Reunião de emergência sobre kit intubação é cancelada após Anvisa esquecer envio de email

    Estoques de medicamentos estão vazios e situação é crítica

    Foto: Fotos Públicas

    A reunião de emergência marcada para discutir, no domingo (21), a escassez de medicamentos para intubação de pacientes foi cancelada porque a Anvisa (Agência Nacional de Vigilência Sanitária) não enviou o email que deveria convocar e confirmar o horário do encontro, segundo representantes da indústria. As informações são da colunista Mônica Bergamo, do jornal Folha de S. Paulo.

    Segundo a publicação, a conversa foi acertada verbalmente no sábado (20). Dela participariam diretores da agência, representantes do Ministério da Saúde, da indústria, o Conselho Nacional de Secretarias Municipais de Saúde (Conasems) e o Conselho Nacional de Secretários de Saúde (Conass), que representa os estados.

    Os participantes ficaram esperando o email de confirmação da reunião, ou mesmo um telefonema —que não chegou.

    O “cano” da Anvisa foi confirmado à Mônica Bergamo pelo Consasems e pelo Conass.

    O presidente do Sindicato da Indústria Farmacêutica do Estado de São Paulo (Sindusfarma), Nelson Mussolini, que representa 12 fabricantes de medicamentos, também confirmou o problema.

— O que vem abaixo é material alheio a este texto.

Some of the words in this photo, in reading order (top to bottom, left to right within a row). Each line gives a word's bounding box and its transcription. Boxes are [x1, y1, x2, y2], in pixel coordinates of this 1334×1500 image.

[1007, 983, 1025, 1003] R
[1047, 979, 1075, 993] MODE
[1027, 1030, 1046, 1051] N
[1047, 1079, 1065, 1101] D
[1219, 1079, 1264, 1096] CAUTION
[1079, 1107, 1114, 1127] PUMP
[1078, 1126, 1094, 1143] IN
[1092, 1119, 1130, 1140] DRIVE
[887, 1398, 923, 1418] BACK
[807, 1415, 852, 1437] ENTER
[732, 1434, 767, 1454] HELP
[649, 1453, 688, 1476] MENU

    Segundo ele, um dos diretores da Anvisa, Romison Mota, explicou que estava tudo marcado —Omas que a assistente dele não apertou o botão de “enviar” para que a mensagem chegasse ao email dos que deveriam participar da reunião.

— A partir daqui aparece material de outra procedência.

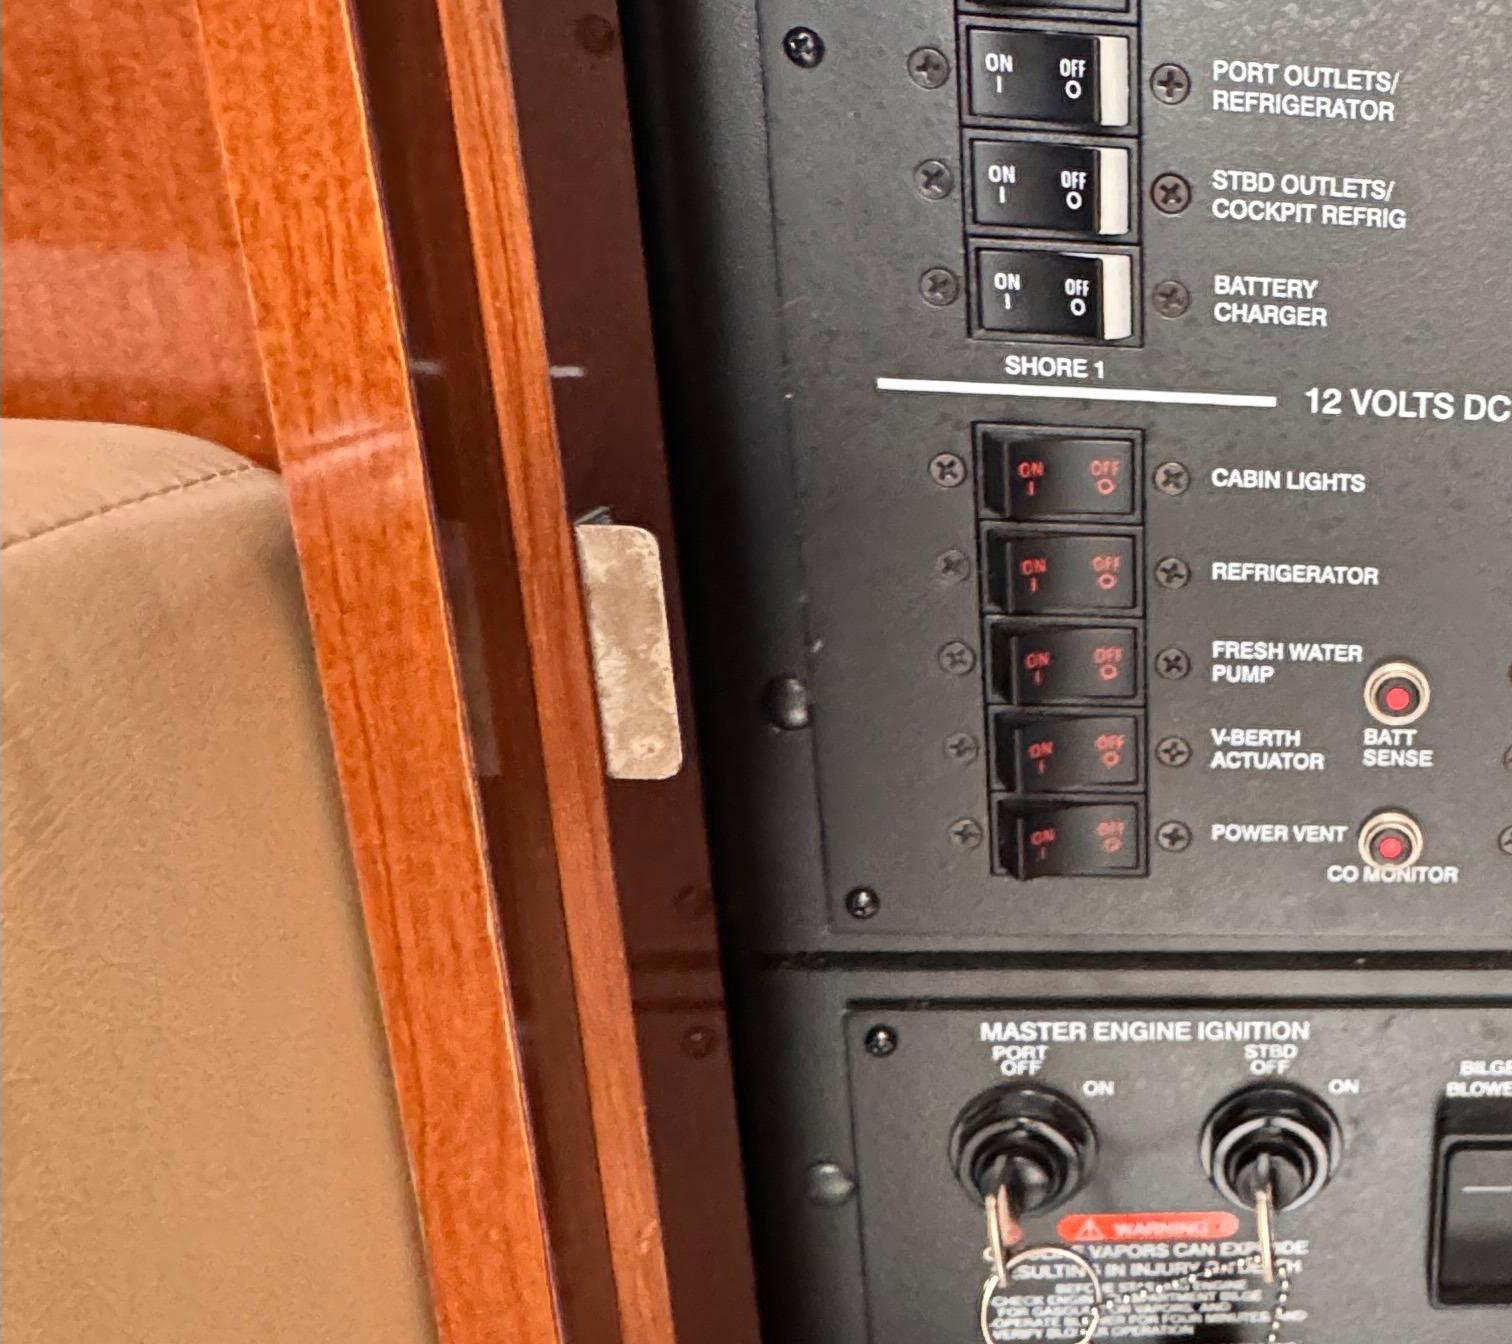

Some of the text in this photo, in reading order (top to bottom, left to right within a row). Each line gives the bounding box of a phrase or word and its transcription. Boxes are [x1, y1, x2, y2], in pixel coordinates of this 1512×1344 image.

[985, 52, 1086, 78] ON OFF
[1213, 60, 1399, 94] PORT OUTLETS/
[1213, 91, 1395, 122] REFRIGERATOR
[988, 164, 1086, 190] ON OFF
[1213, 170, 1395, 203] STBD OUTLETS/
[1212, 199, 1406, 231] COCKPIT REFRIG
[994, 272, 1090, 297] ON OFF
[1214, 275, 1320, 300] BATTERY
[1214, 304, 1328, 328] CHARGER
[1004, 355, 1105, 379] SHORE 1
[1305, 387, 1512, 422] 12 VOLTS DC
[1018, 460, 1120, 478] ON OFF
[1211, 468, 1367, 493] CABIN LIGHTS
[1021, 556, 1120, 575] ON OFF
[1211, 563, 1379, 586] REFRIGERATOR
[1026, 647, 1123, 669] ON OFF
[1211, 642, 1363, 663] FRESH WATER
[1211, 665, 1275, 684] PUMP
[1029, 735, 1125, 758] ON OFF
[1211, 728, 1301, 748] V-BERTH
[1363, 729, 1418, 747] BATT
[1211, 751, 1325, 770] ACTUATOR
[1362, 750, 1434, 768] SENSE
[1030, 821, 1126, 846] ON OFF
[1211, 824, 1348, 844] POWER VENT
[1327, 864, 1459, 884] CO MONITOR
[980, 1020, 1310, 1042] MASTER ENGINE IGNITION
[991, 1045, 1047, 1061] PORT
[1244, 1043, 1298, 1060] STBD
[1000, 1060, 1042, 1076] OFF
[1250, 1059, 1290, 1075] OFF
[1082, 1080, 1115, 1097] ON
[1328, 1079, 1360, 1095] ON
[1087, 1242, 1170, 1260] VAPORS
[1172, 1241, 1216, 1258] CAN

    Mussolini não critica a agência, diz que o problema foi involuntário e faz questão de dizer que o diretor Romison Mota está empenhado em resolver o problema.

    A reunião foi remarcada para a terça (23).

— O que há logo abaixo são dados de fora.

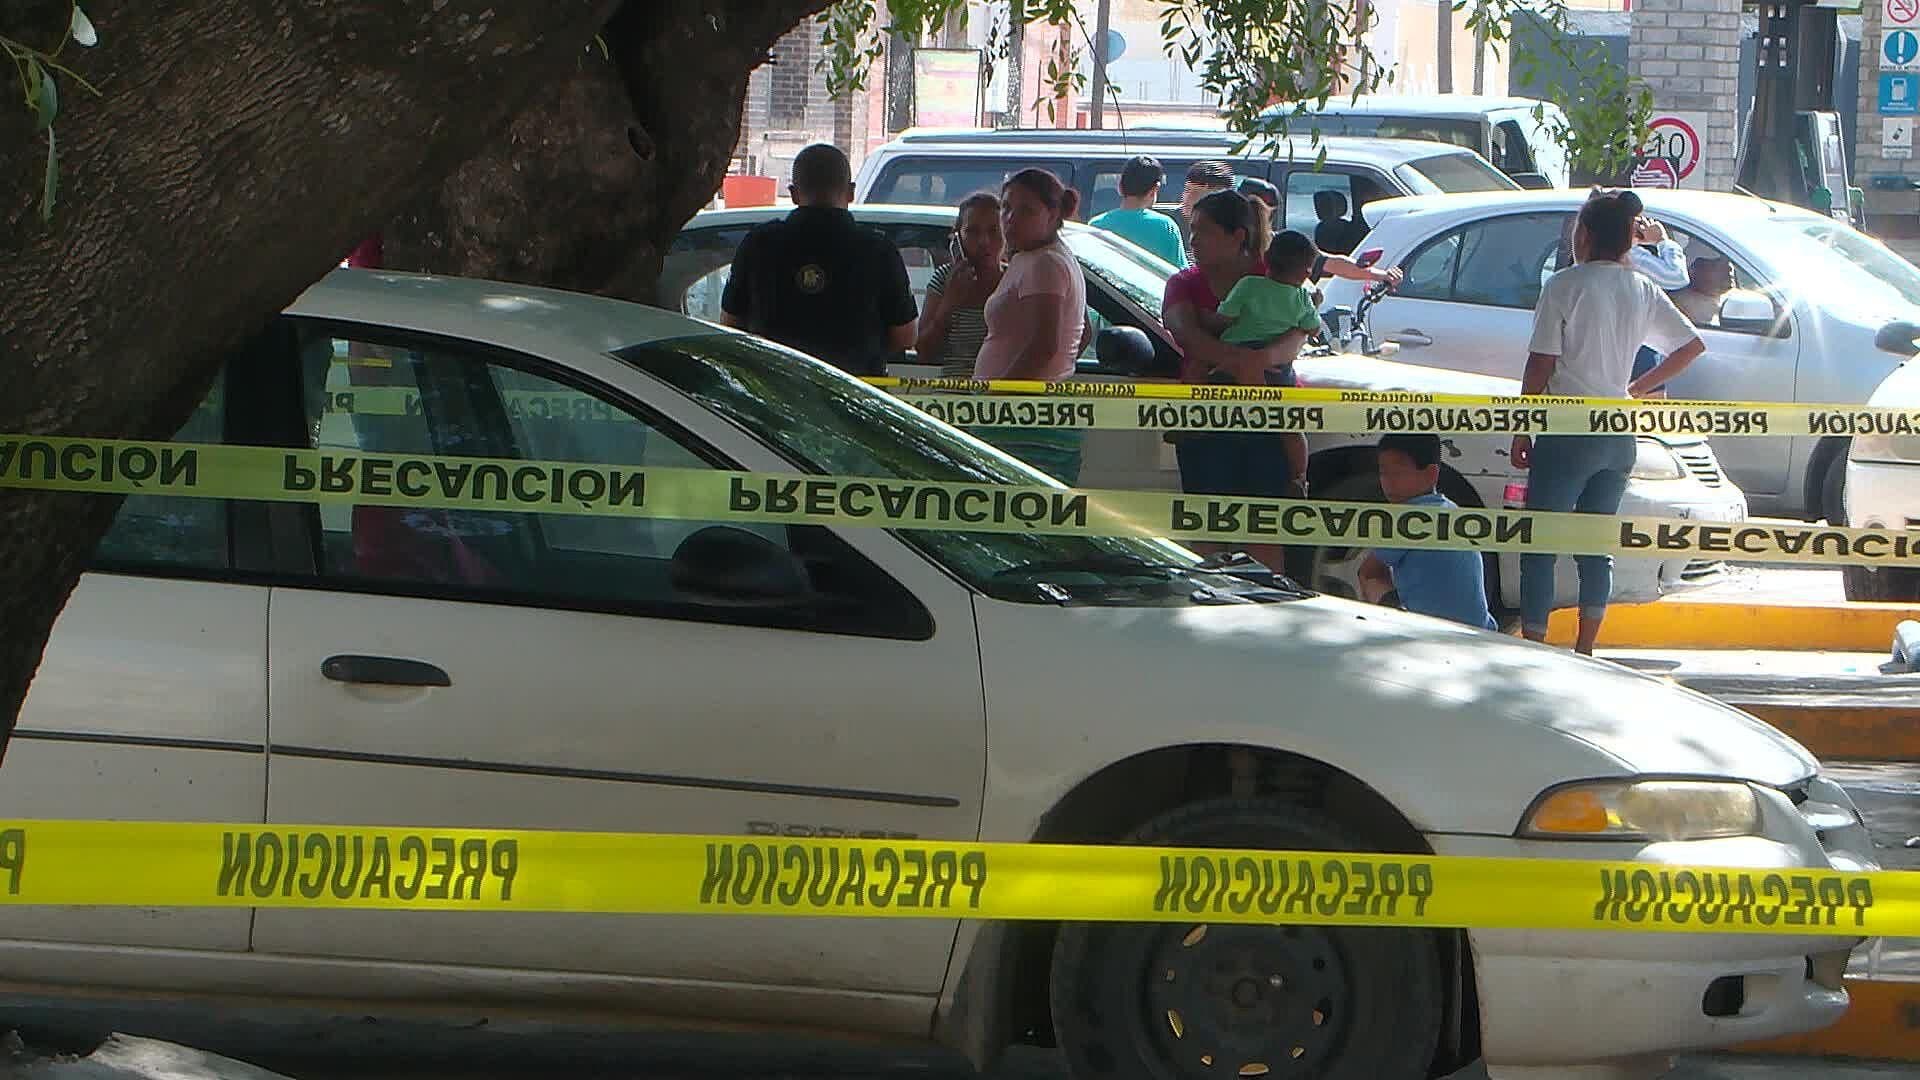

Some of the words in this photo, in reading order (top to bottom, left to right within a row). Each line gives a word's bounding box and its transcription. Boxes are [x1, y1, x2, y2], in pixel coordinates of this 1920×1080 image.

[1653, 132, 1685, 158] 10
[1045, 382, 1136, 397] PRECAUCION
[1191, 387, 1282, 400] PRECAUCION

    O Brasil vive uma crise de abastecimento de medicamentos usados para a intubação de pacientes com Covid-19 em UTIs.

    Estoques estão vazios e estados e municípios alertam que eles podem acabar em poucos dias.

    O Ministério da Saúde já requisitou medicamentos à indústria para abastecer o SUS. Os hospitais privados dizem que a medida pode piorar o problema, gerando desabastecimento em suas unidades.

    Segundo a Associação Nacional de Hospitais Privados, os medicamentos podem acabar em 48 horas em algumas instituições se o problema não for resolvido.